───── INFORMATION SHOWN
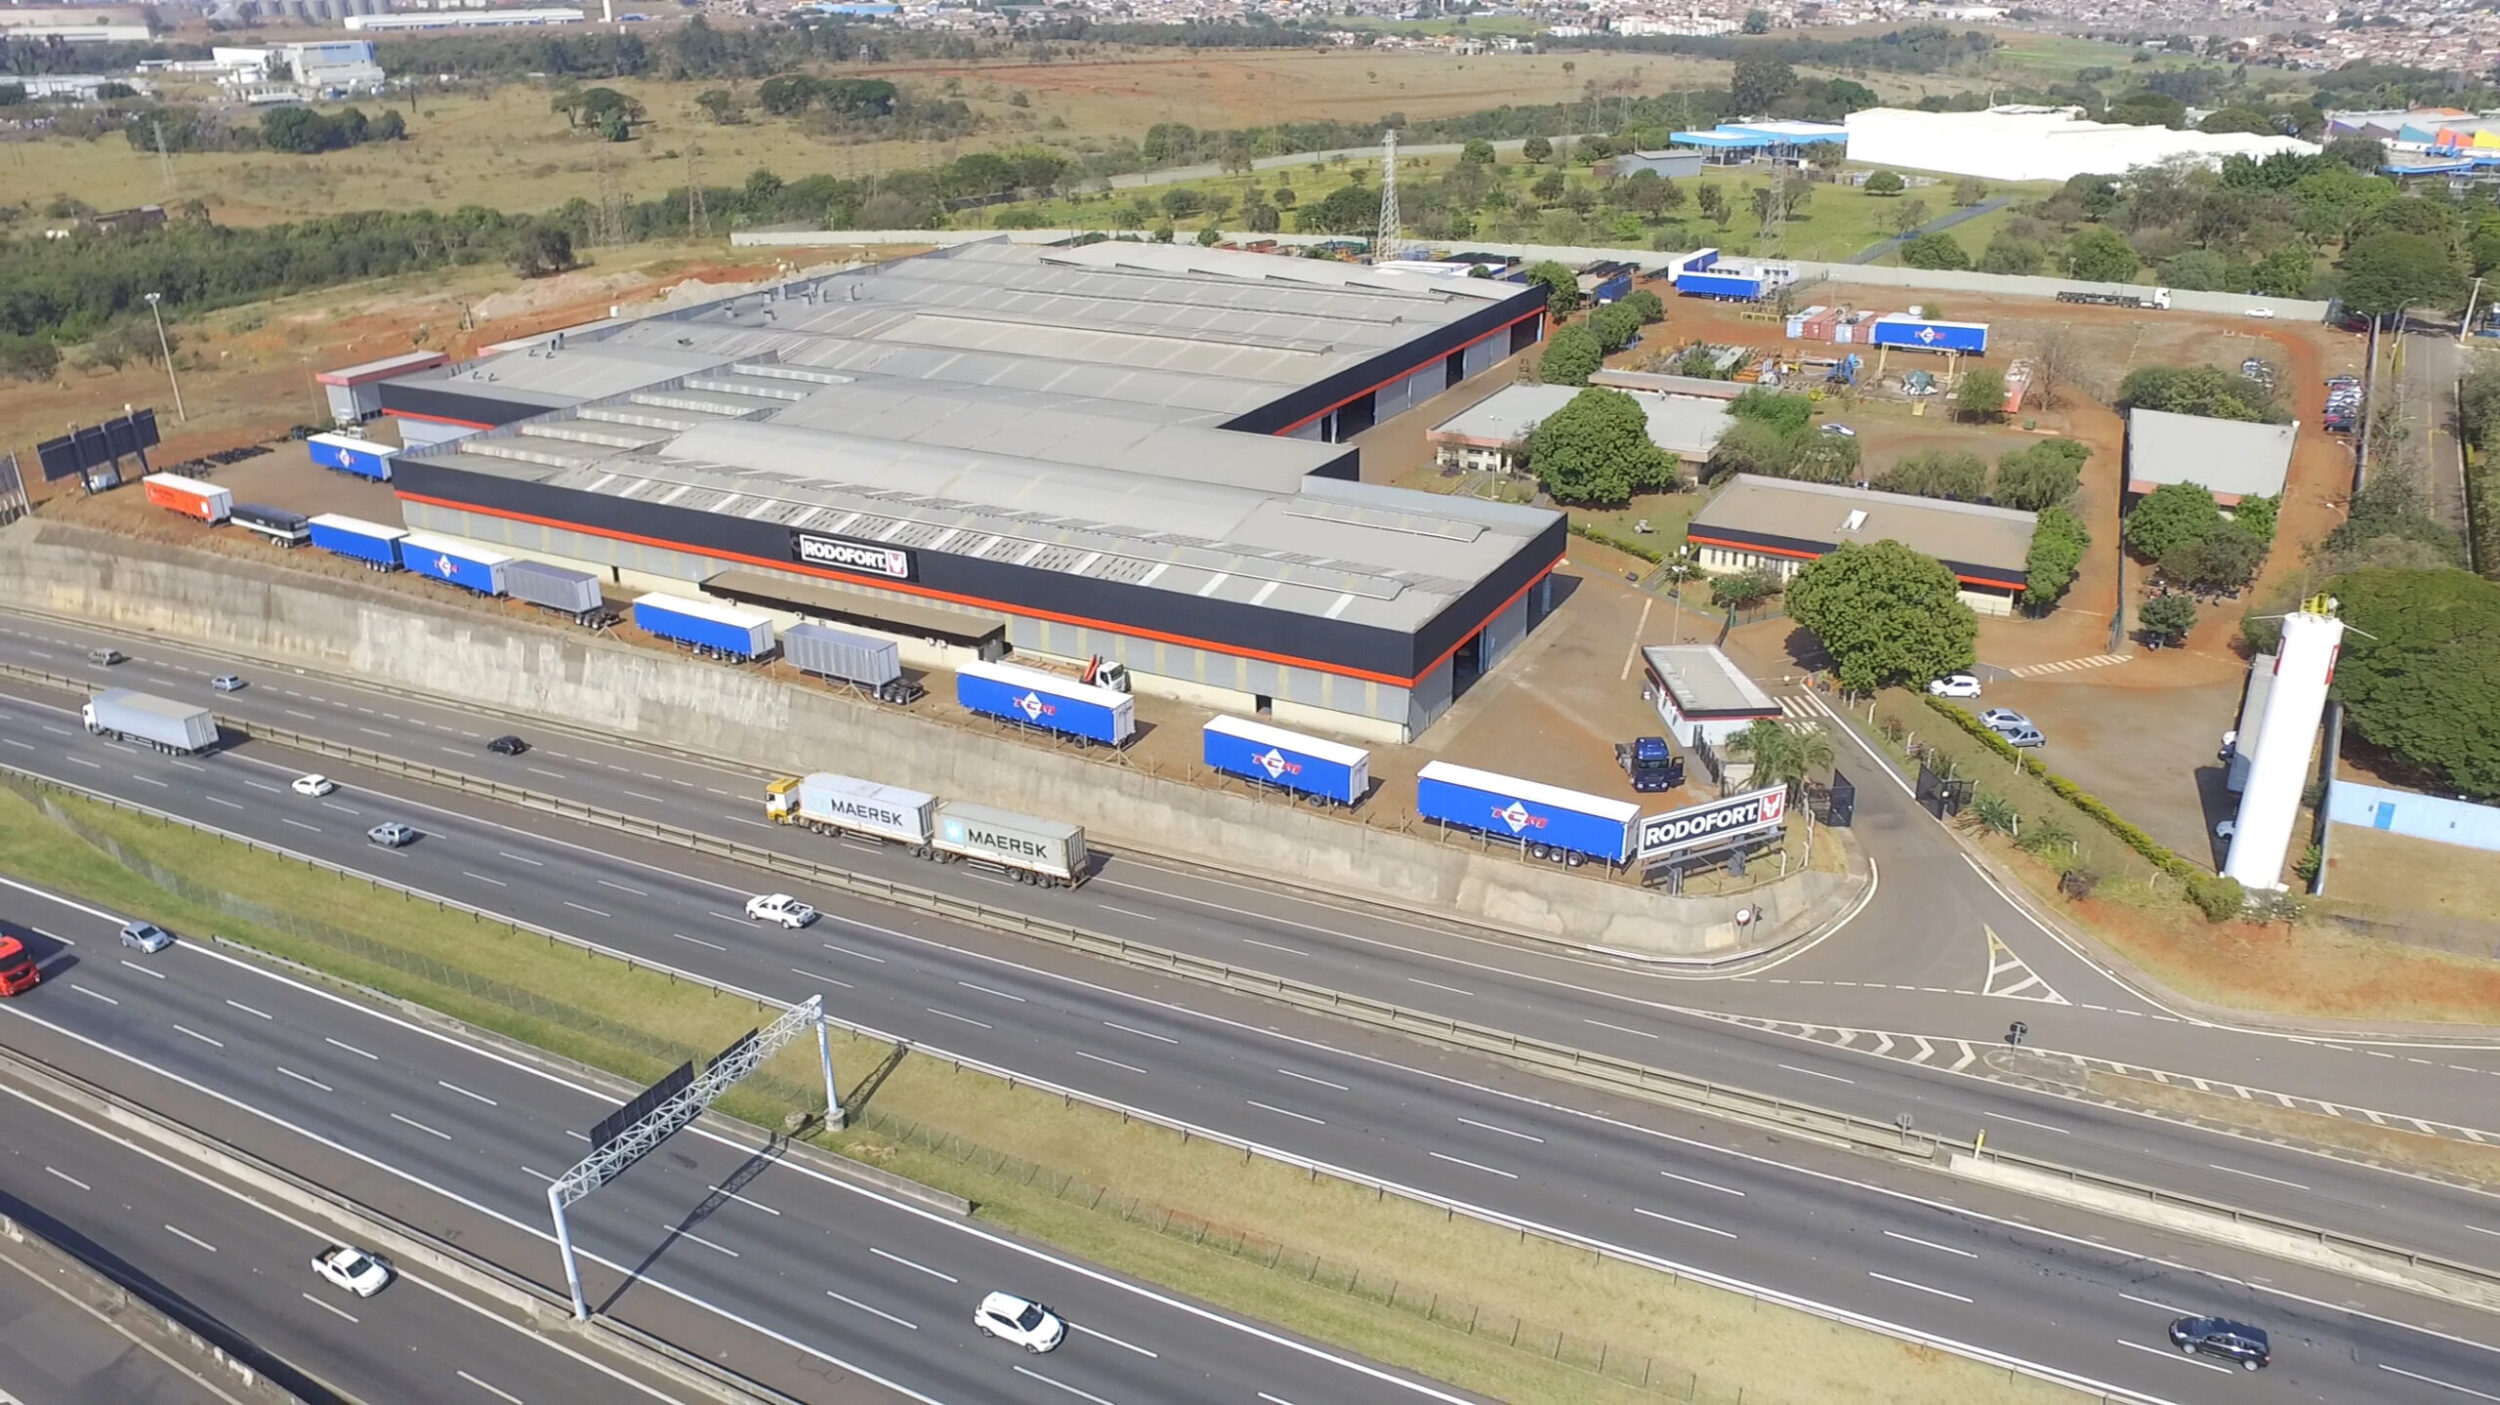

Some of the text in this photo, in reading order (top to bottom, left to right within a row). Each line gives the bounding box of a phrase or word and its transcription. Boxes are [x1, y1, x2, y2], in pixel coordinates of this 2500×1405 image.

[804, 540, 886, 569] RODOFORT
[831, 798, 903, 826] MAERSK
[1646, 802, 1758, 846] RODOFORT
[968, 828, 1047, 858] MAERSK
──────────
§ WHAT YOU NEED TO DO:
Every line above should be copied exactly, apart from any pictures.

§ ANSWER TO THIS PROBLEM:
Some of the text in this photo, in reading order (top to bottom, left to right within a row). Each line gives the bounding box of a phrase or word and its transcription. Boxes are [x1, y1, x2, y2], in pixel coordinates of this 2500×1405 image.

[804, 540, 886, 569] RODOFORT
[831, 798, 903, 826] MAERSK
[1646, 802, 1758, 846] RODOFORT
[968, 828, 1047, 858] MAERSK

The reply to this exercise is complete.